First of all, a disclaimer. Isabelle Grey and I knew each other at university. We lost touch after that, and only made contact again last November, after 35 years, when Isabelle left a message on this very blog to say hello (which is, of course, one of the joys – and secret purposes – of having a blog). She’d read Little Monsters and told me that she’d also written a novel which, as she said in her comment, ‘deals with very similar ideas – how to escape past damage, how not to go on repeating destructive behaviour.’ Which piqued both my curiosity and my vanity.

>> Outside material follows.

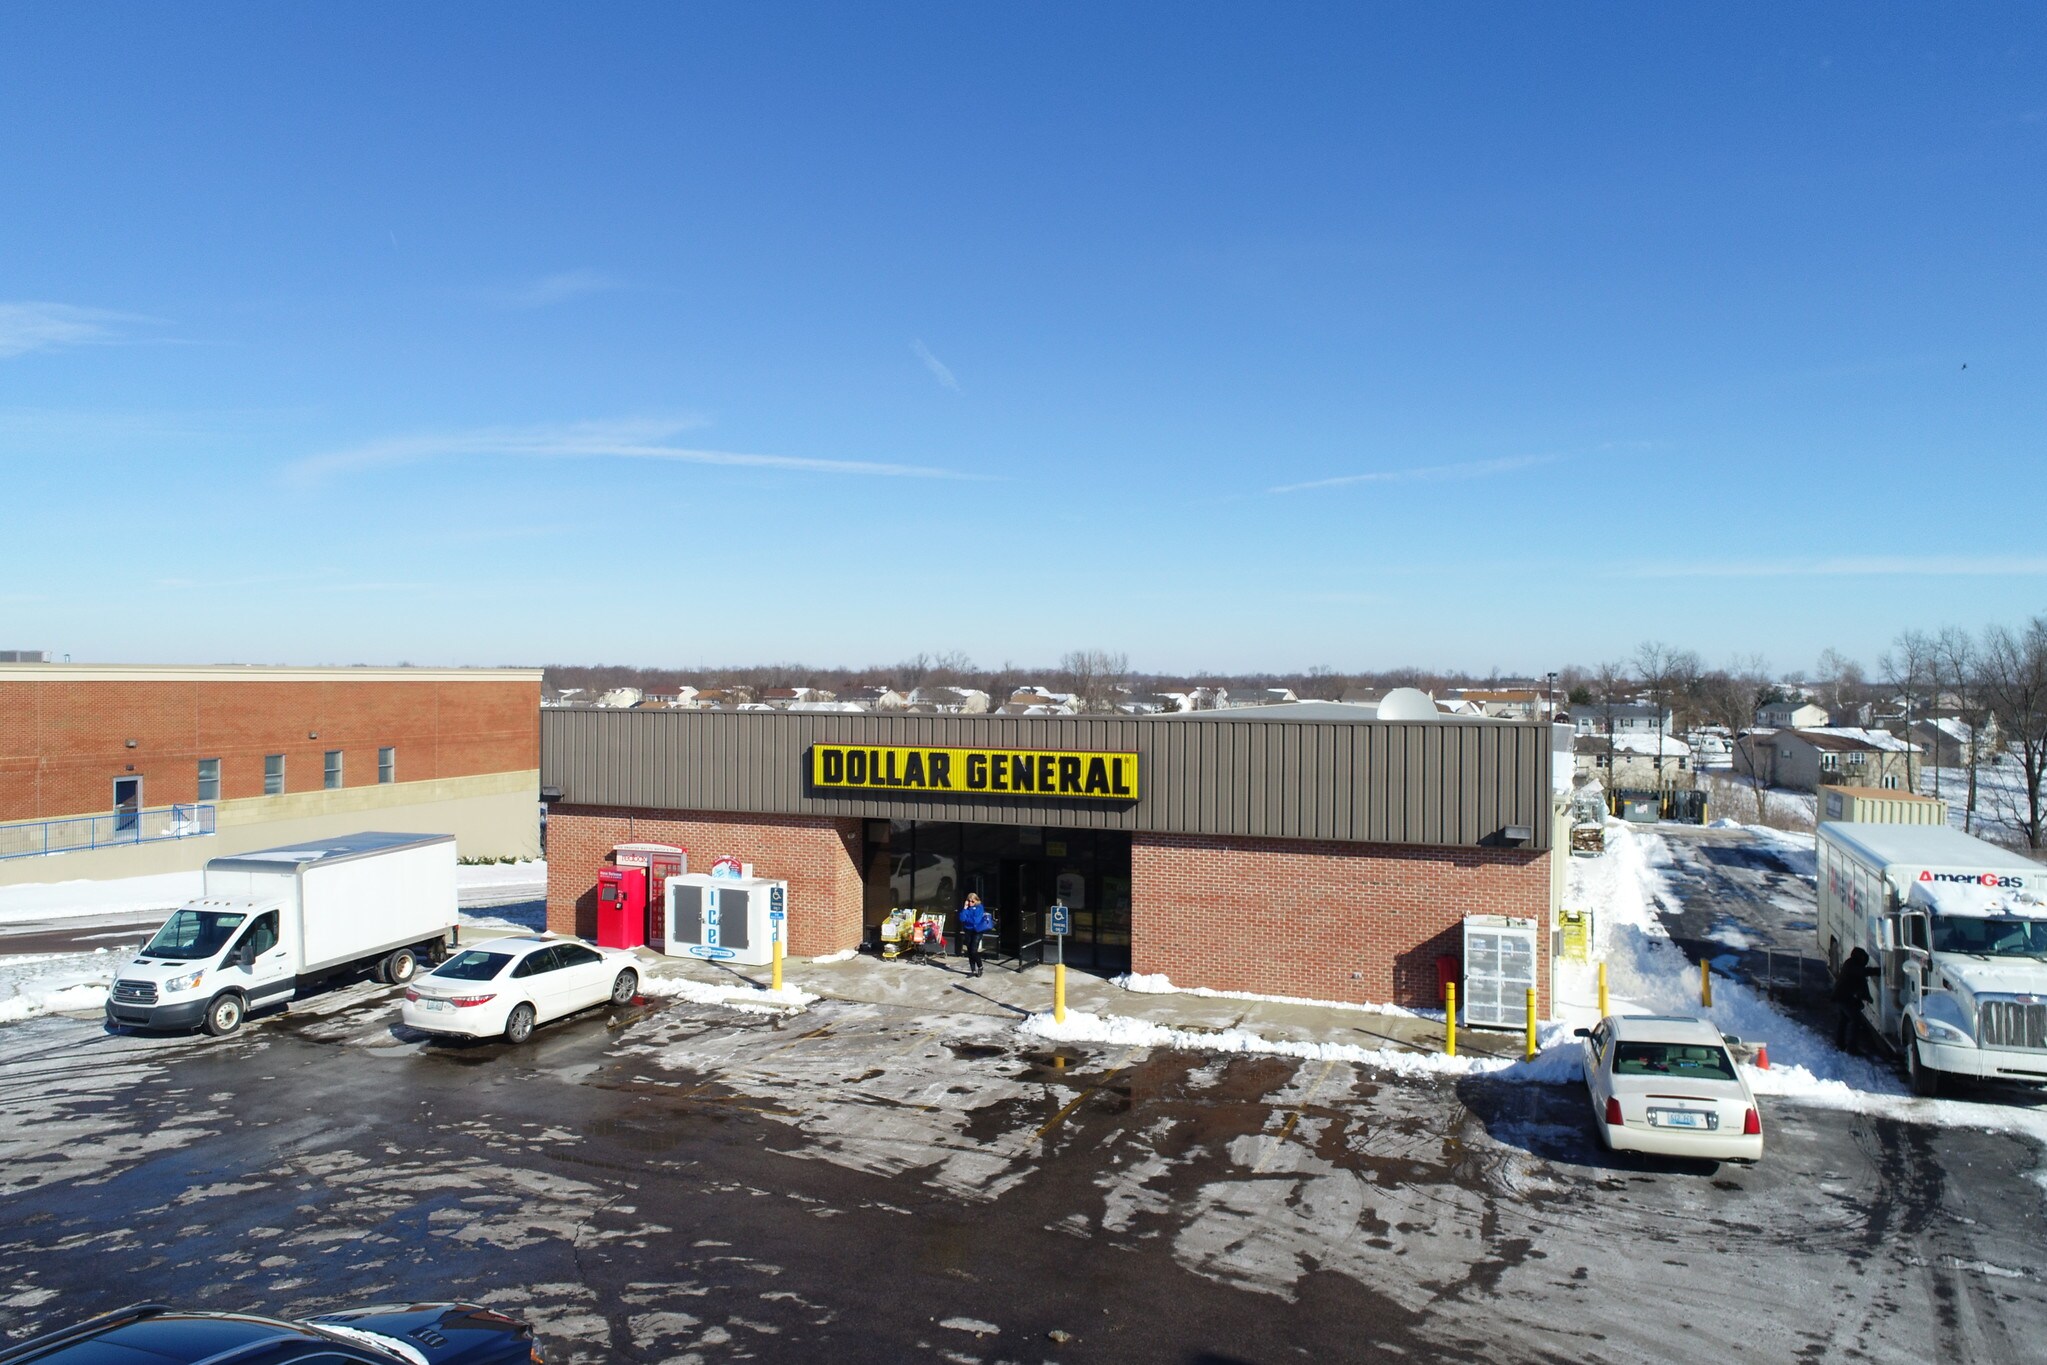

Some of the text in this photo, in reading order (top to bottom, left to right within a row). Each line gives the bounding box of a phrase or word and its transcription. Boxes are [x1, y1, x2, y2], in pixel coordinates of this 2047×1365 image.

It would be hard to fault the author’s own description of her novel. Out of Sight is relentless in its examination of damage and the havoc it wreaks. At the start of the novel, Patrick/Patrice Hinde, the central figure (I hesitate to use the word ‘hero’), is a happily-married practising homoeopath , with a wife, Belinda, a musician whose playing allows him to ‘relax his guard’, and one small child, a son called Daniel. Gradually, as we learn about Patrick’s background, a childhood of isolation and emotional deprivation divided between boarding school and his harsh and unyielding grandmother in France, it soon becomes clear to what extent this happiness is hard-won and, potentially, fragile. A visit from his English father, a retired multinational executive, and French mother, a woman devoured by irrational anxiety, throws the inadequacies of his own past into relief, with disastrous consequences.
The opening scene, in which Patrick talks to one of his patients, provides a rapid overview of one of the novel’s central themes:
‘It’s about past emotional trauma, do you remember? […] An inherited predisposition. It may be in your life, or your family, or even your distant ancestors, something that leaves a residue which has a negative impact on the vital force.’

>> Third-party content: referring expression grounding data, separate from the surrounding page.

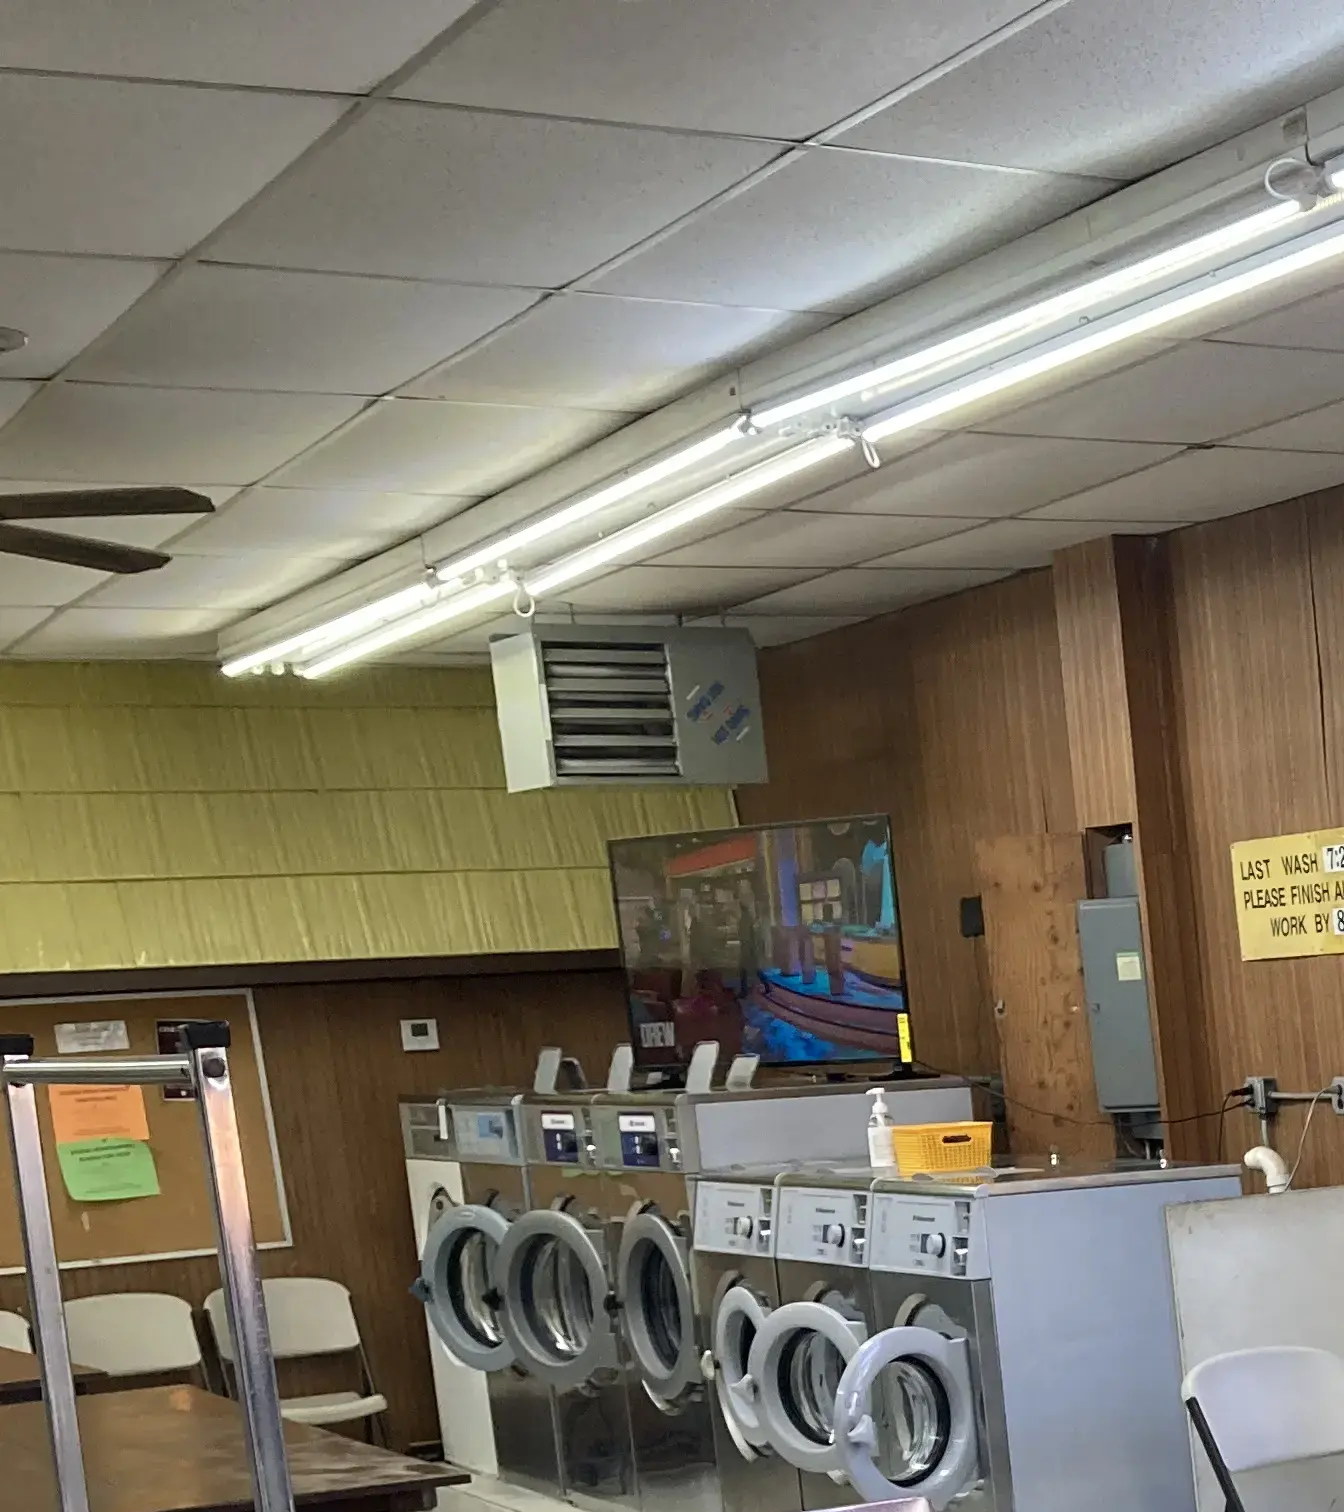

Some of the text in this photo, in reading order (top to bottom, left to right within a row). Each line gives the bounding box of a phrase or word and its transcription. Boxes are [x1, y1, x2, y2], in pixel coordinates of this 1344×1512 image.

[1240, 859, 1271, 881] LAST
[1281, 852, 1318, 876] WASH
[1243, 886, 1286, 910] PLEASE
[1290, 882, 1330, 905] FINISH
[1270, 914, 1308, 938] WORK
[1315, 912, 1330, 934] BY
[640, 1021, 675, 1048] DREW

In the case of the novel, the predisposition for trauma may be in Patrick’s past, and in that of more than one generation of his family, as we discover towards the end of the story, but what triggers it, and provides the impetus for the novel, is something Patrick himself does. It’s an act that’s both utterly comprehensible and inexplicable, and I’m not going to say what that act is here, because one of the many pleasures of the novel is its extremely skilful building of narrative, and emotional, tension. What the book is concerned with, principally, is the devastating effect a certain kind of forgetfulness, in one specific instance and in a larger, more lasting and wilful way, can have on an individual, whose propensity for guilt and self-blame is already highly developed. One of the tenets of homoeopathy is that, however much the original substance is diluted, something of it survives – that water has a memory of what it might have once contained – and there’s a determination to Patrick’s forgetfulness that transforms it into a sort of deeper homoeopathic memory of what’s been forgotten, a memory that won’t be cancelled. If nothing else – Patrick’s self-administered remedies certainly seem to have little medical validity – the novel confirms homoeopathy’s metaphorical value.

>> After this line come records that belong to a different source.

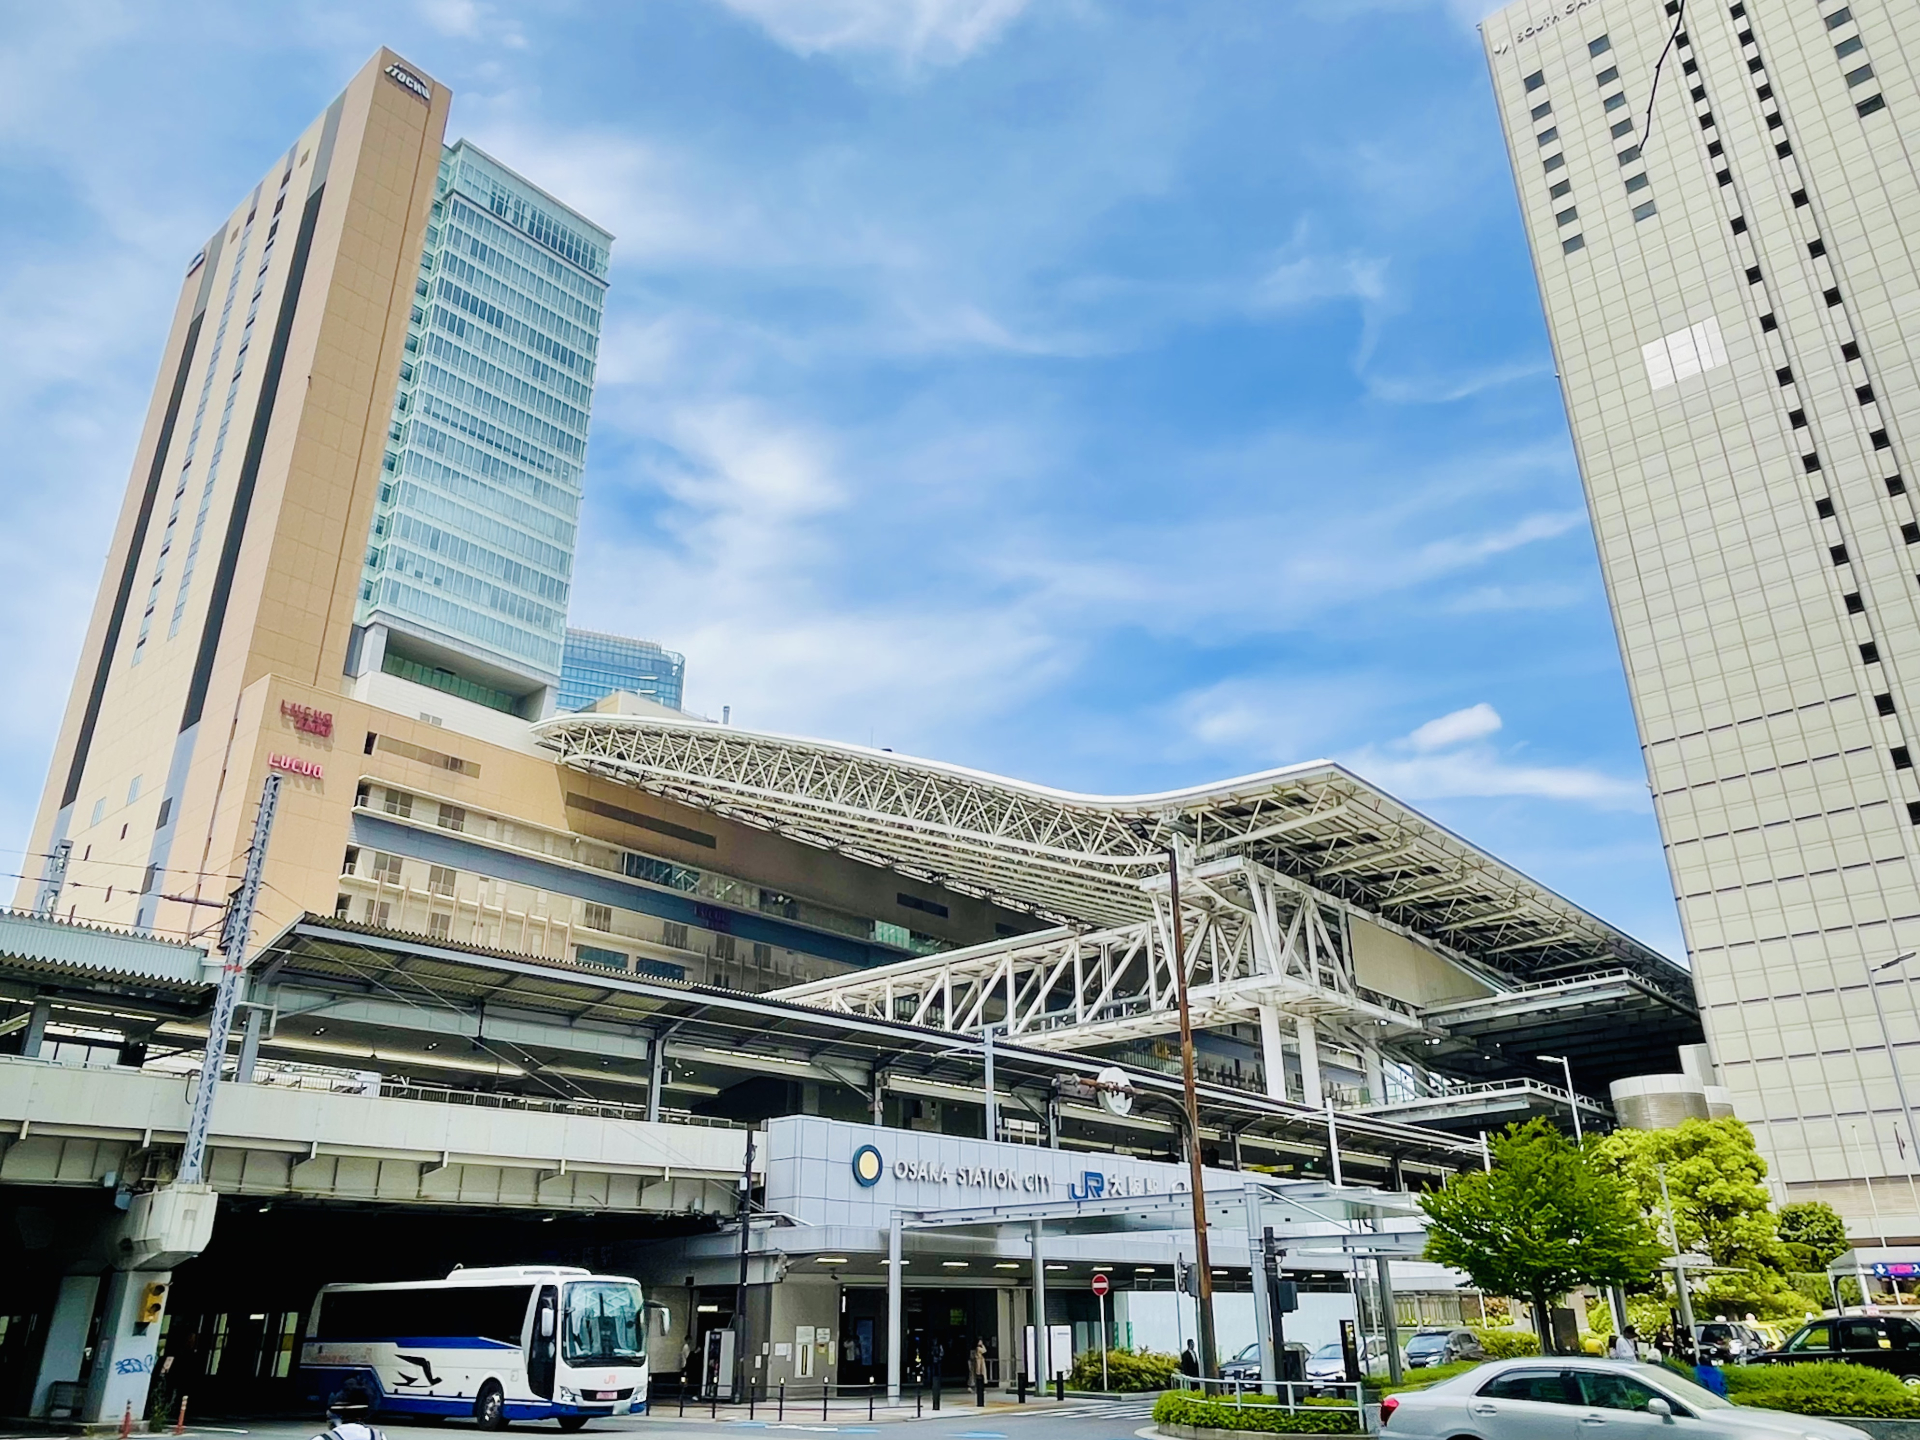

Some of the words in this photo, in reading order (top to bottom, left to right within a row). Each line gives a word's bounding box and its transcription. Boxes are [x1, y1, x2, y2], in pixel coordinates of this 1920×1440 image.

[384, 65, 431, 100] ITOCHU
[268, 752, 324, 778] LUCUA
[893, 1159, 950, 1184] OSAKA
[956, 1165, 1018, 1191] STATION
[1023, 1172, 1052, 1194] CITY
[1067, 1171, 1104, 1200] JR

I should admit here that my own views on homoeopathy are in line with those of Patrick’s father, sceptical to the point of hostility. This may be part of the reason I feel it’s hard to find much to like in Patrick. He’s sanctimonious, priggish, hypocritical (He still felt guilty that he drove here every day from Brighton – he who counselled his patients to live natural, organic and carbon-neutral lives), and although it’s clear that he’s attractive to women, it’s hard not to see this as as more than a sign that some women like men who are slim, prepare a mean risotto and are sufficiently troubled to represent a challenge; brutally, he’s the kind of man who seems to need looking after.
In the second part of the novel, which forms its core, Leonie, refugee from a failed affair in London and working in the tourist business in provincial France, meets and falls in love with Patrice, as he’s now known, for the reasons I mention above. It’s an odd courtship and Leonie’s willingness to put up with some fairly unpredictable behaviour is convincingly – and often sensuously -described. But Patrice’s refusal to forgive himself, his essentially self-centred stubbornness, looks set to stymie Leonie’s hopes. The final section of the novel, set once again in the UK, brings the story to an unexpected but satisfying close and, once again, I’ll leave you to find out what that is by reading the novel yourself. I found it gripping and frustrating at the same time, a sure sign that the book is doing something unexpected, and doing it well. If I have a criticism, it’s that the writing sometimes feels a little over-determined, as though the author doesn’t quite trust her readers to read between the lines. I wondered as I read whether Isabelle’s considerable experience as a successful writer of television drama, in which dialogue obviously takes precedence, might not have left her with an unfulfilled urge to fill in some of the gaps between the talk, to tell as well as show. For a novel in which silence plays such a fundamental and disingenuous role, it’s a temptation that must have been hard to resist.